What needs to be done: The entries shown next need to be written again word for word.

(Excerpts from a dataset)

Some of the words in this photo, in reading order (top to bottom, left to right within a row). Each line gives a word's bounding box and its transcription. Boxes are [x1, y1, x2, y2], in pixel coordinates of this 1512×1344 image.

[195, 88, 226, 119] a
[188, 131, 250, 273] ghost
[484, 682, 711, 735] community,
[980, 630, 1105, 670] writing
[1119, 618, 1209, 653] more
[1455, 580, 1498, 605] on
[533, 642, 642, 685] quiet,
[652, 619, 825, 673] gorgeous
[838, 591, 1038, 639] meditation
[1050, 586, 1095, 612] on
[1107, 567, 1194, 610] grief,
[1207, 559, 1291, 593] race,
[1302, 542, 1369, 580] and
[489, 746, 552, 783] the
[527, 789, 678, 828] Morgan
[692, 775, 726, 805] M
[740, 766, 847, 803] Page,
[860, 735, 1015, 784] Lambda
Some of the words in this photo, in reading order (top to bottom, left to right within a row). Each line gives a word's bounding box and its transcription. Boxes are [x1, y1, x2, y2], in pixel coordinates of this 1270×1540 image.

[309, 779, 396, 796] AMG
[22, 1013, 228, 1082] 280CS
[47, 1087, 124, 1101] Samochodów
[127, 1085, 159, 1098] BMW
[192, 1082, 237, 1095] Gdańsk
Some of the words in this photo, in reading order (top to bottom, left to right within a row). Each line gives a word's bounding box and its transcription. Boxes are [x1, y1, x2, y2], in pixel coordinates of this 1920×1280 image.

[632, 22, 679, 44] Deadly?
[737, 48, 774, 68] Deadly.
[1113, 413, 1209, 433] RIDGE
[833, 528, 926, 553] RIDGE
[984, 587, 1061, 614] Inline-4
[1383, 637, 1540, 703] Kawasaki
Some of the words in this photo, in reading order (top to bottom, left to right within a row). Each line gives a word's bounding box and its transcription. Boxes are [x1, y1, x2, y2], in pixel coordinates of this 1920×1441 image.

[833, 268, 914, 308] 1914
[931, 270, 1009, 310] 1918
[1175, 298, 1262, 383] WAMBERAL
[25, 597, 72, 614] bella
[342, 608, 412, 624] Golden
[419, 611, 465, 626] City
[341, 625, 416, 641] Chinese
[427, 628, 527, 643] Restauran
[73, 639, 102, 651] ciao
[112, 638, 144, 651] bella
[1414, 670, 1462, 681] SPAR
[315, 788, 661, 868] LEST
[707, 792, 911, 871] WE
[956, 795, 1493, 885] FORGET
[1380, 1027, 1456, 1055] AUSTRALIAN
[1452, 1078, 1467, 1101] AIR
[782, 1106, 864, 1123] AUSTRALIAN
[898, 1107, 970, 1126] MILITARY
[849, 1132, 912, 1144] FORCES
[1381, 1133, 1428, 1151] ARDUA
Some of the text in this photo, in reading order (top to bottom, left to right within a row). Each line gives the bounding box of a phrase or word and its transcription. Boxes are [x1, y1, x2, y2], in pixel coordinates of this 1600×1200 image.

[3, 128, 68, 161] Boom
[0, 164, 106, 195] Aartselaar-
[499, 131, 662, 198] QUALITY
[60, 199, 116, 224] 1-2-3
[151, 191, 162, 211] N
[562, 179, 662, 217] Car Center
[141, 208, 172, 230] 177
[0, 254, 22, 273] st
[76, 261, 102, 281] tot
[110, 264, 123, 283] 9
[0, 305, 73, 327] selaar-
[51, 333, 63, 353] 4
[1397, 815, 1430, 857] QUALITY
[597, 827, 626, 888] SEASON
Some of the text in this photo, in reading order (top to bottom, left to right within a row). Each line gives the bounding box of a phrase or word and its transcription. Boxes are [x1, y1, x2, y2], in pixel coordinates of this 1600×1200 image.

Answer box:
Some of the words in this photo, in reading order (top to bottom, left to right within a row). Each line gives a word's bounding box and its transcription. Boxes are [x1, y1, x2, y2], in pixel coordinates of this 1512×1344 image.

[195, 88, 226, 119] a
[188, 131, 250, 273] ghost
[484, 682, 711, 735] community,
[980, 630, 1105, 670] writing
[1119, 618, 1209, 653] more
[1455, 580, 1498, 605] on
[533, 642, 642, 685] quiet,
[652, 619, 825, 673] gorgeous
[838, 591, 1038, 639] meditation
[1050, 586, 1095, 612] on
[1107, 567, 1194, 610] grief,
[1207, 559, 1291, 593] race,
[1302, 542, 1369, 580] and
[489, 746, 552, 783] the
[527, 789, 678, 828] Morgan
[692, 775, 726, 805] M
[740, 766, 847, 803] Page,
[860, 735, 1015, 784] Lambda
Some of the words in this photo, in reading order (top to bottom, left to right within a row). Each line gives a word's bounding box and its transcription. Boxes are [x1, y1, x2, y2], in pixel coordinates of this 1270×1540 image.

[309, 779, 396, 796] AMG
[22, 1013, 228, 1082] 280CS
[47, 1087, 124, 1101] Samochodów
[127, 1085, 159, 1098] BMW
[192, 1082, 237, 1095] Gdańsk
Some of the words in this photo, in reading order (top to bottom, left to right within a row). Each line gives a word's bounding box and its transcription. Boxes are [x1, y1, x2, y2], in pixel coordinates of this 1920×1280 image.

[632, 22, 679, 44] Deadly?
[737, 48, 774, 68] Deadly.
[1113, 413, 1209, 433] RIDGE
[833, 528, 926, 553] RIDGE
[984, 587, 1061, 614] Inline-4
[1383, 637, 1540, 703] Kawasaki
Some of the words in this photo, in reading order (top to bottom, left to right within a row). Each line gives a word's bounding box and its transcription. Boxes are [x1, y1, x2, y2], in pixel coordinates of this 1920×1441 image.

[833, 268, 914, 308] 1914
[931, 270, 1009, 310] 1918
[1175, 298, 1262, 383] WAMBERAL
[25, 597, 72, 614] bella
[342, 608, 412, 624] Golden
[419, 611, 465, 626] City
[341, 625, 416, 641] Chinese
[427, 628, 527, 643] Restauran
[73, 639, 102, 651] ciao
[112, 638, 144, 651] bella
[1414, 670, 1462, 681] SPAR
[315, 788, 661, 868] LEST
[707, 792, 911, 871] WE
[956, 795, 1493, 885] FORGET
[1380, 1027, 1456, 1055] AUSTRALIAN
[1452, 1078, 1467, 1101] AIR
[782, 1106, 864, 1123] AUSTRALIAN
[898, 1107, 970, 1126] MILITARY
[849, 1132, 912, 1144] FORCES
[1381, 1133, 1428, 1151] ARDUA
Some of the text in this photo, in reading order (top to bottom, left to right within a row). Each line gives the bounding box of a phrase or word and its transcription. Boxes are [x1, y1, x2, y2], in pixel coordinates of this 1600×1200 image.

[3, 128, 68, 161] Boom
[0, 164, 106, 195] Aartselaar-
[499, 131, 662, 198] QUALITY
[60, 199, 116, 224] 1-2-3
[151, 191, 162, 211] N
[562, 179, 662, 217] Car Center
[141, 208, 172, 230] 177
[0, 254, 22, 273] st
[76, 261, 102, 281] tot
[110, 264, 123, 283] 9
[0, 305, 73, 327] selaar-
[51, 333, 63, 353] 4
[1397, 815, 1430, 857] QUALITY
[597, 827, 626, 888] SEASON
Some of the text in this photo, in reading order (top to bottom, left to right within a row). Each line gives the bounding box of a phrase or word and its transcription. Boxes are [x1, y1, x2, y2], in pixel coordinates of this 1600×1200 image.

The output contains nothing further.